The problem is to find the area of a region defined by the inequalities:

1. $xy \geq 4$
2. $y \leq x$
3. $27y \geq 4x^2$

These inequalities define a bounded region in the coordinate plane.

Solution Steps

To calculate the area, we use double integrals with appropriate limits derived from the inequalities:

1. Setting up the inequalities:

   • $xy = 4$ represents a hyperbola.
   • $y = x$ is the line $y = x$.
   • $27y = 4x^2$ is a parabola with $y = \frac{4x^2}{27}$.

2. Intersection points: Solving the intersections will help us define the limits of integration for each integral.

3. Integration setup: The solution uses different limits and integrands, shown in the provided image. It splits the region into two main integrals, as seen in the setup:

   • The first integral is set up as: $\int_0^2 \int_0^3 (4 - y^2) \, dx \, dy$
   • Then, the second integral: $\int_0^4 \int_{\frac{\sqrt{y}}{3}}^{y/2} (4x + 2) \, dx \, dy$

These integrals can now be solved individually to obtain the area of the specified region.

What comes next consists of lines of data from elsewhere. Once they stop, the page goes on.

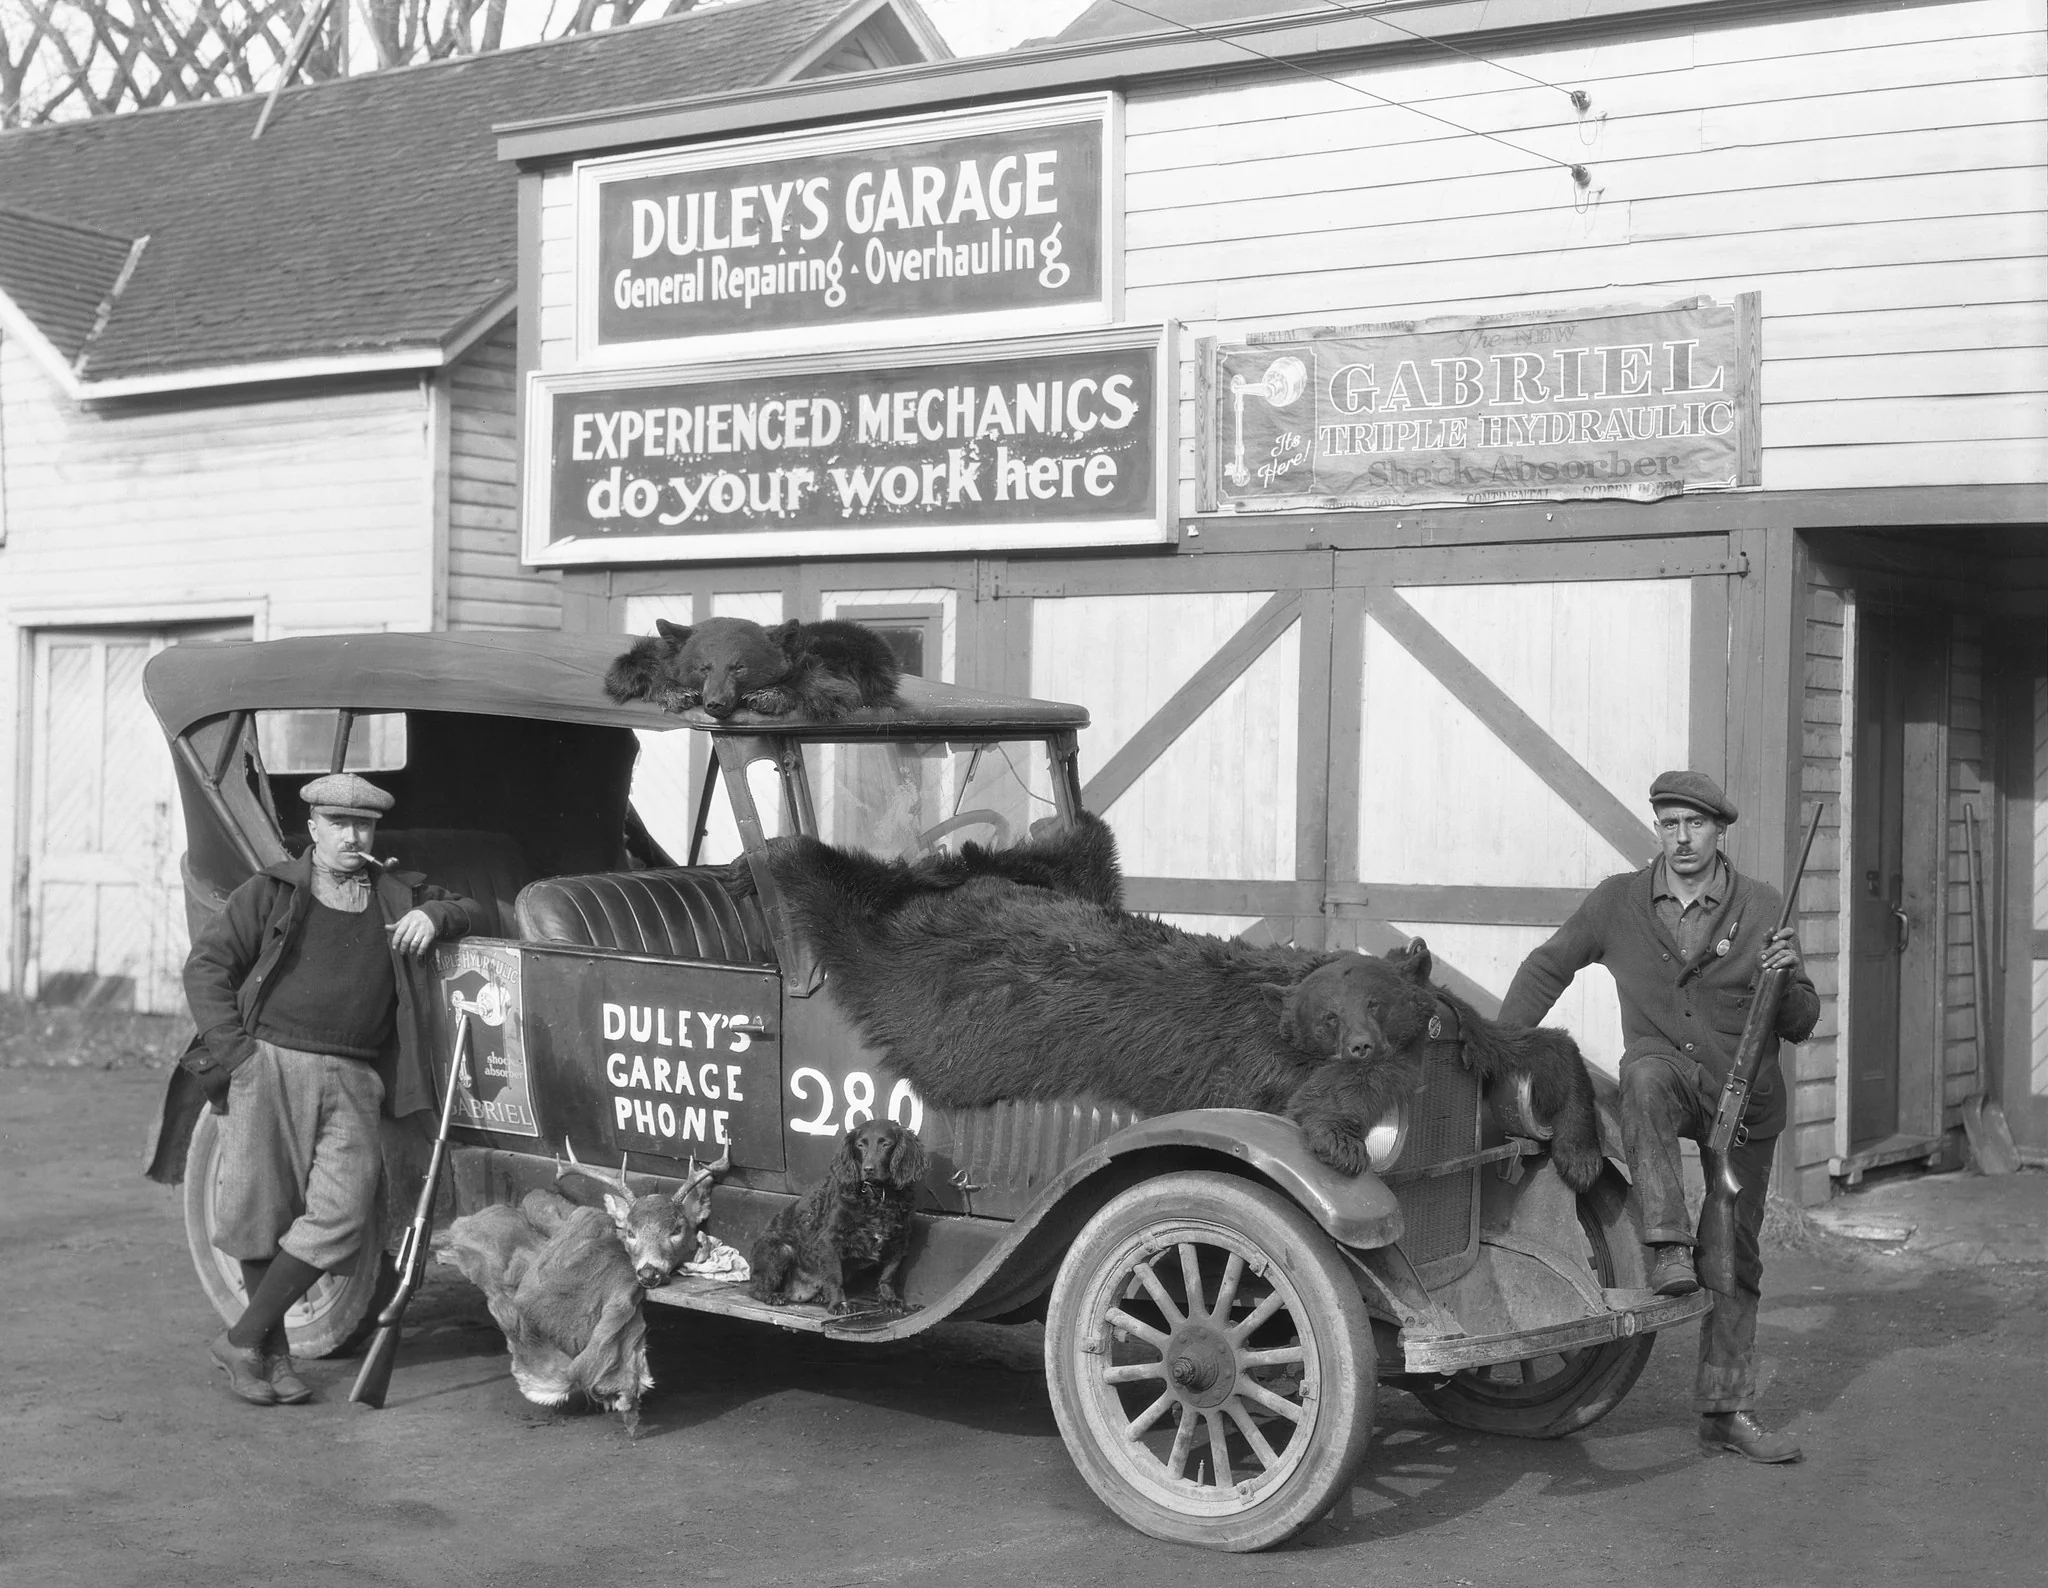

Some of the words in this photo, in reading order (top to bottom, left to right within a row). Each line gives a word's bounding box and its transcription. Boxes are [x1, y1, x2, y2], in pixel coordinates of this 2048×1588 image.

[631, 177, 830, 259] DULEY'S
[845, 149, 1058, 234] GARAGE
[614, 259, 704, 310] General
[711, 240, 847, 308] Repairing
[865, 221, 1070, 289] Overhauling
[1453, 328, 1501, 356] The
[1513, 325, 1578, 347] NEW
[1327, 338, 1725, 415] GABRIEL
[572, 397, 842, 461] EXPERIENCED
[858, 373, 1134, 443] MECHANICS
[1319, 417, 1466, 457] TRIPLE
[1477, 400, 1734, 448] HYDRAULIC
[1257, 439, 1312, 488] Here!
[1270, 431, 1301, 457] Its
[1367, 456, 1478, 488] Shock
[1490, 450, 1680, 482] Absorber
[586, 465, 659, 520] do
[657, 467, 817, 526] your
[831, 448, 982, 508] work
[996, 446, 1118, 501] here
[602, 1002, 751, 1053] DULEY'S
[606, 1053, 744, 1101] GARAGE
[614, 1096, 732, 1146] PHONE

Would you like me to proceed with detailed integration steps for these integrals?

Further Questions

1. What are the exact steps to find the intersection points between the curves?
2. How do we evaluate each integral individually?
3. How does changing the order of integration affect the solution?
4. Can the area be calculated using a polar coordinate transformation?
5. How can the inequalities be interpreted geometrically to understand the bounded region?

Tip

For problems involving multiple inequalities, sketching the region defined by each curve can simplify the process of setting integration limits.